Two of the three shots in the Lawrence Livermore National Laboratory’s Nimble series of subcritical experiments should fire by early fiscal year 2024, with the third and final to follow not more than two years after, a lab spokesperson said this week.
“It is anticipated that two shots, Twin Peaks and Nob Hill, will be executed in late [fiscal year] FY[20]23 and early [fiscal year] FY[20]24, respectively,” the Livermore spokesperson wrote Wednesday in an email. The third shot, Mission Hills, was on the slate for fiscal year 2026, which begins Oct. 1, 2025.
The Nimble series was supposed to fire its first shot in spring 2022, but that didn’t happen because of “various delays,” the Livermore spokesperson wrote.
Those delays piled up with the Nevada National Security Site’s U1a complex, home of the National Nuclear Security Administration’s (NNSA) underground subcritical test laboratory, in cold standby for much of the year, according to the federal Defense Nuclear Facilities Safety Board.
U1a is the underground lab for conducting subcritical experiments, in which nuclear-weapon stewards blow up small pieces of fissile materials inside of thick steel spheres. High-speed x-ray cameras observe the explosive compression of the materials, which creates no nuclear yield, the U.S. says. This allows the NNSA to certify the effectiveness of existing nuclear weapons without nuclear-explosive tests.
At the moment, however, subcritical experiment packages are not even allowed to be transported down into U1a using the complex’s usual hoist. That’s in part due to a very active desert monsoon season in August and September. The prohibition on hoist use, put in place on Sept. 22, should be lifted on March 30, a Nevada site spokesperson told the Exchange Monitor this week.

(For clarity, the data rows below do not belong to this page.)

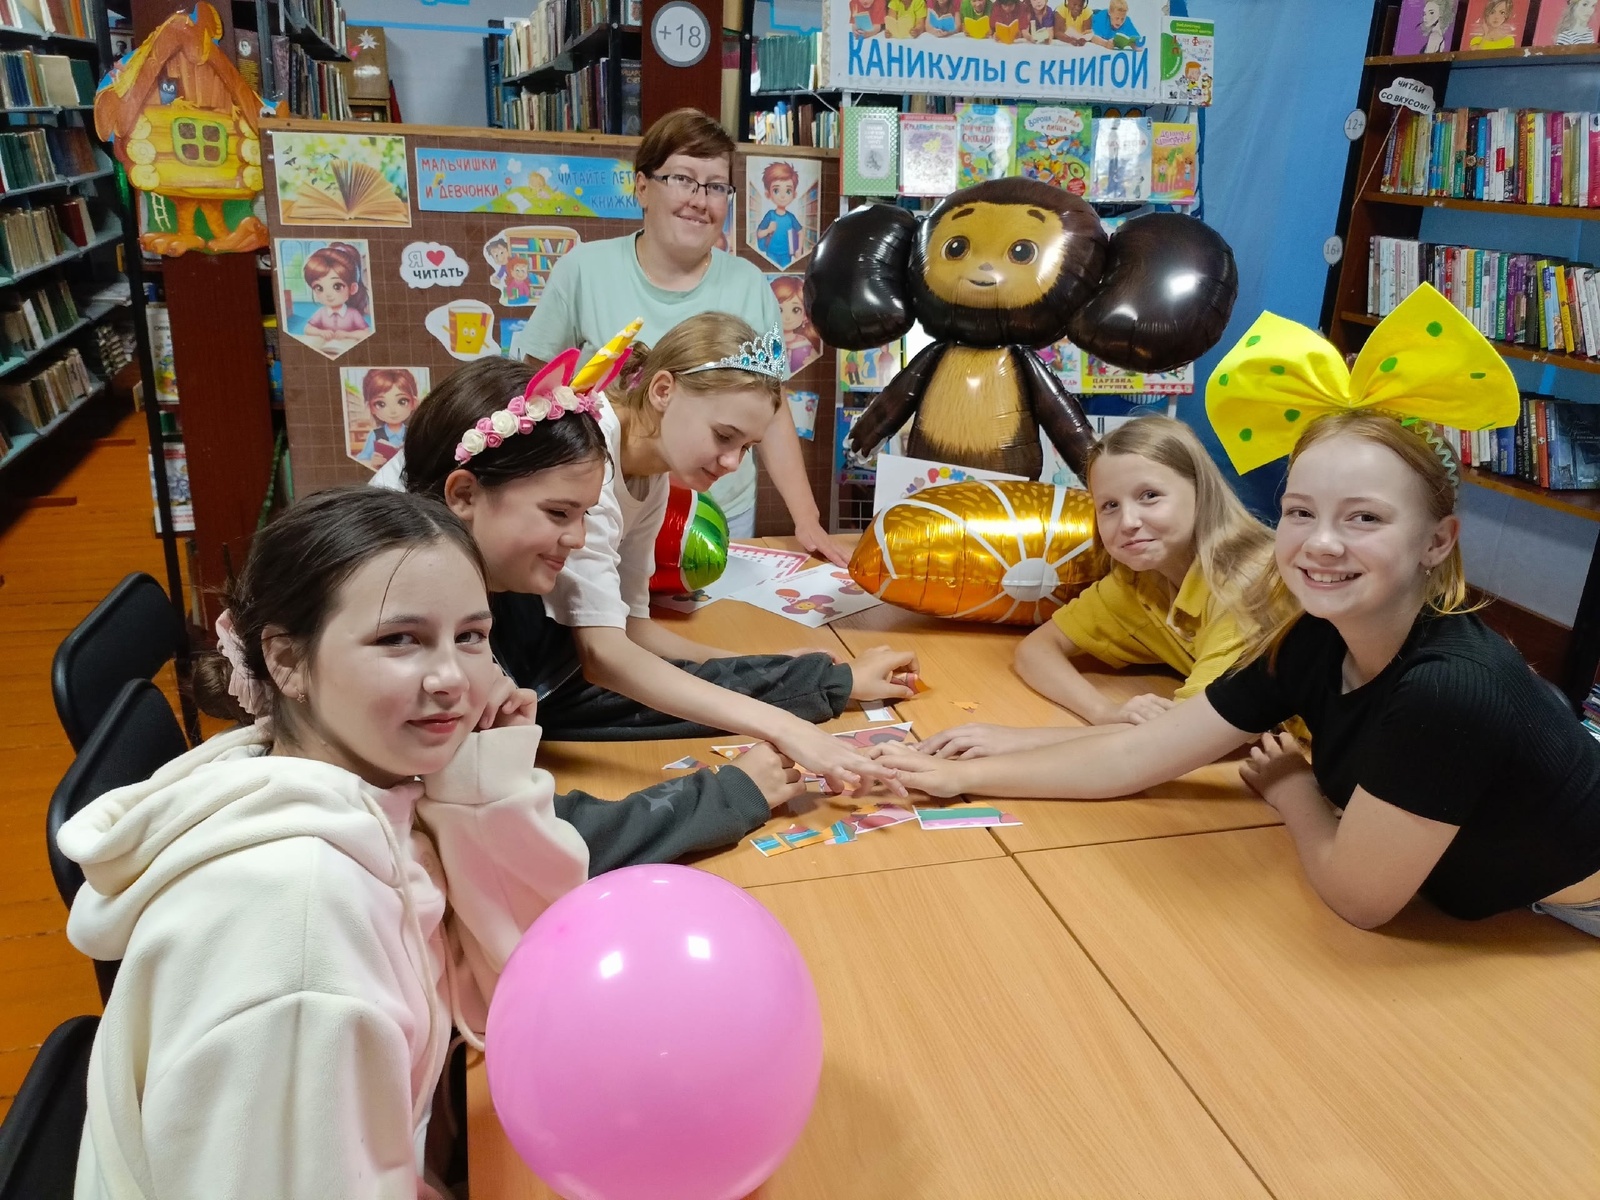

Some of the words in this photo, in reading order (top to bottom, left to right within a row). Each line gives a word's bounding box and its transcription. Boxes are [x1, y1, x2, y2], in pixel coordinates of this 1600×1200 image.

[658, 23, 702, 48] +18
[848, 31, 1006, 82] КАНИКУЛЫ
[1039, 36, 1148, 90] КНИГОЙ
[1380, 91, 1393, 100] СО
[1393, 94, 1431, 112] ВКУСОМ!
[1346, 118, 1364, 130] 12+
[421, 158, 497, 171] МАЛЬЧИШКИ
[558, 169, 606, 185] ЧИТАЙТЕ
[425, 186, 433, 198] И
[1325, 244, 1341, 255] 16+
[408, 250, 424, 268] Я
[413, 268, 464, 279] ЧИТАТЬ

After the summer rains, Nevada site personnel discovered that muck had accumulated at the bottom of the entrance shaft to the U1a complex. The muck at one point had risen to such a height in the U1a hoist sump that site personnel deemed it unsafe to transport subcritical experiment packages using the hoist.
With muck piled high, there might not be enough stopping distance to prevent damage to a subcritical experiment package riding the hoist down to the underground, according to a Defense Nuclear Facilities Safety Board report about the issue.